Assigned task: Where a record contains an image, leave the image out and print the rest exactly.
[Start of section]
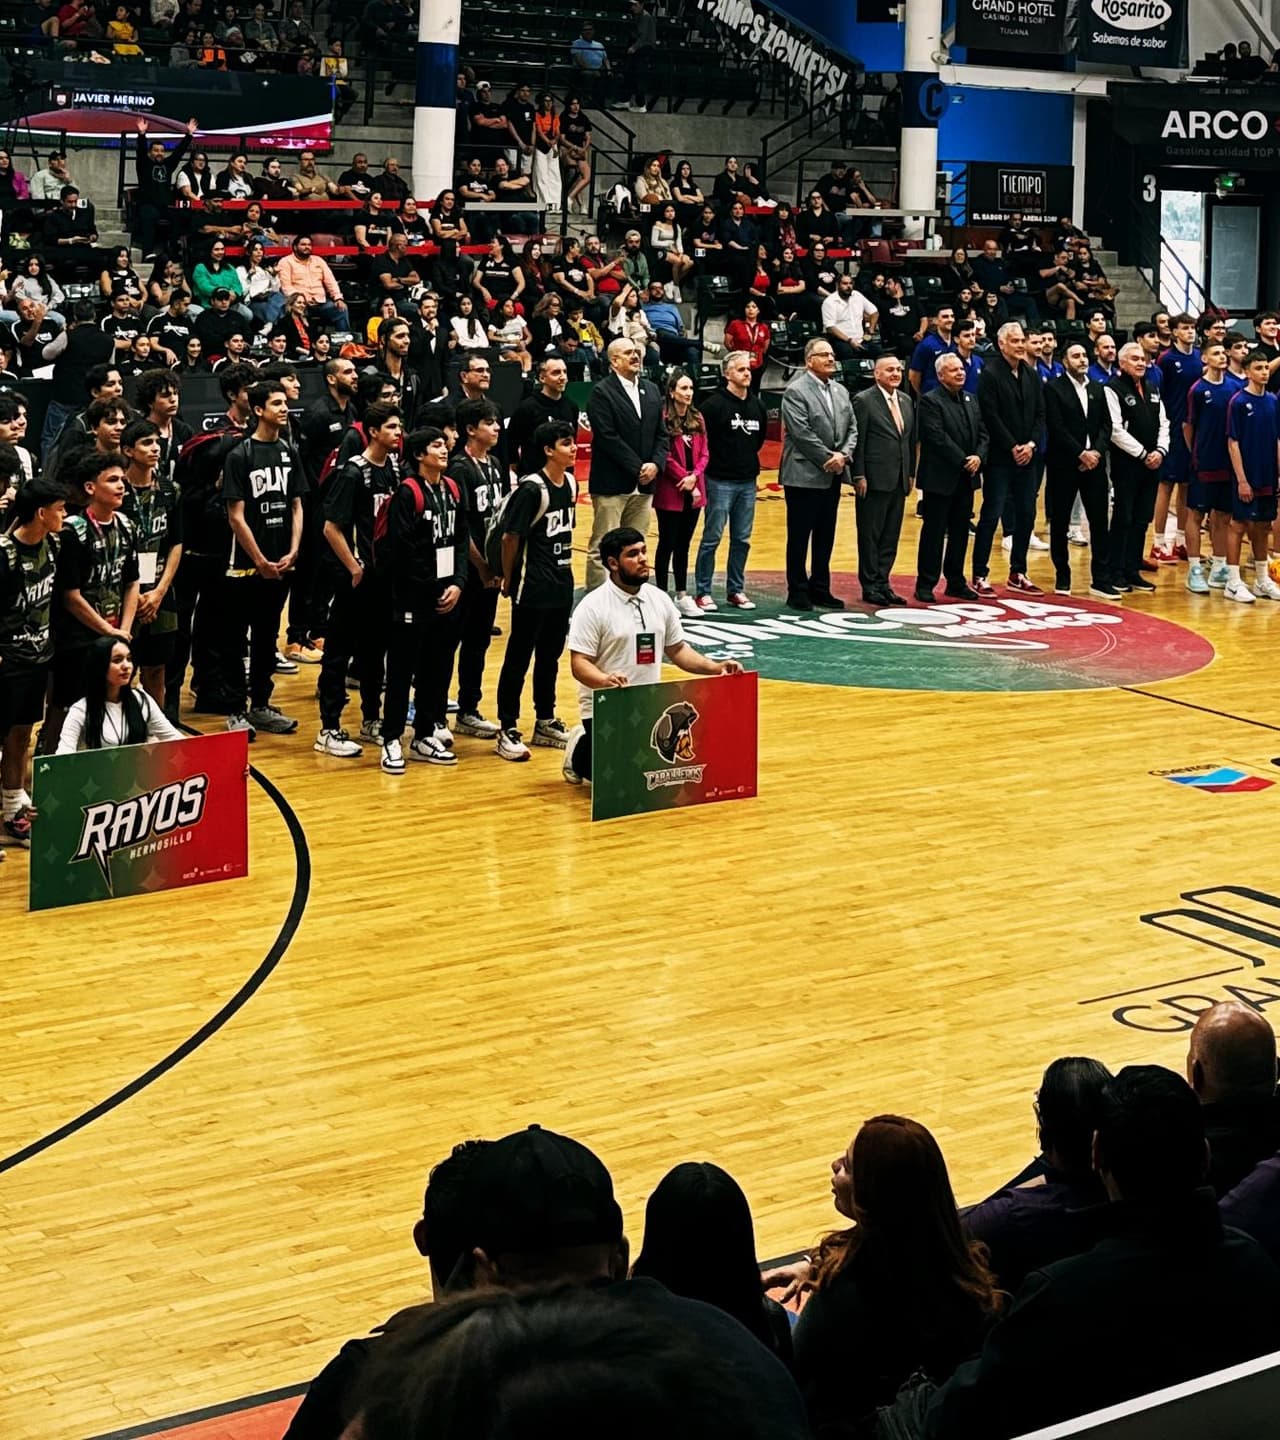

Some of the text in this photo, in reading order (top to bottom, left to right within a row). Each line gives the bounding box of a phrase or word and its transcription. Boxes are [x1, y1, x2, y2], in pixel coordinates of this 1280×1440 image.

[1018, 1, 1056, 17] HOTEL
[1130, 35, 1140, 46] de
[1141, 35, 1167, 49] sabor
[73, 92, 155, 106] JAVIER MERINO
[925, 83, 943, 117] C
[1161, 111, 1268, 141] ARCO
[1166, 145, 1210, 157] Gasolina
[1211, 146, 1250, 157] calidad
[1253, 147, 1276, 158] TOP
[1002, 174, 1042, 194] TIEMPO
[1142, 174, 1156, 203] 3
[77, 776, 206, 860] RAYOS
[130, 831, 192, 860] HERMOSILLO
[End of section]
Response:
Some of the text in this photo, in reading order (top to bottom, left to right within a row). Each line gives the bounding box of a phrase or word and its transcription. Boxes are [x1, y1, x2, y2], in pixel coordinates of this 1280×1440 image.

[1018, 1, 1056, 17] HOTEL
[1130, 35, 1140, 46] de
[1141, 35, 1167, 49] sabor
[73, 92, 155, 106] JAVIER MERINO
[925, 83, 943, 117] C
[1161, 111, 1268, 141] ARCO
[1166, 145, 1210, 157] Gasolina
[1211, 146, 1250, 157] calidad
[1253, 147, 1276, 158] TOP
[1002, 174, 1042, 194] TIEMPO
[1142, 174, 1156, 203] 3
[77, 776, 206, 860] RAYOS
[130, 831, 192, 860] HERMOSILLO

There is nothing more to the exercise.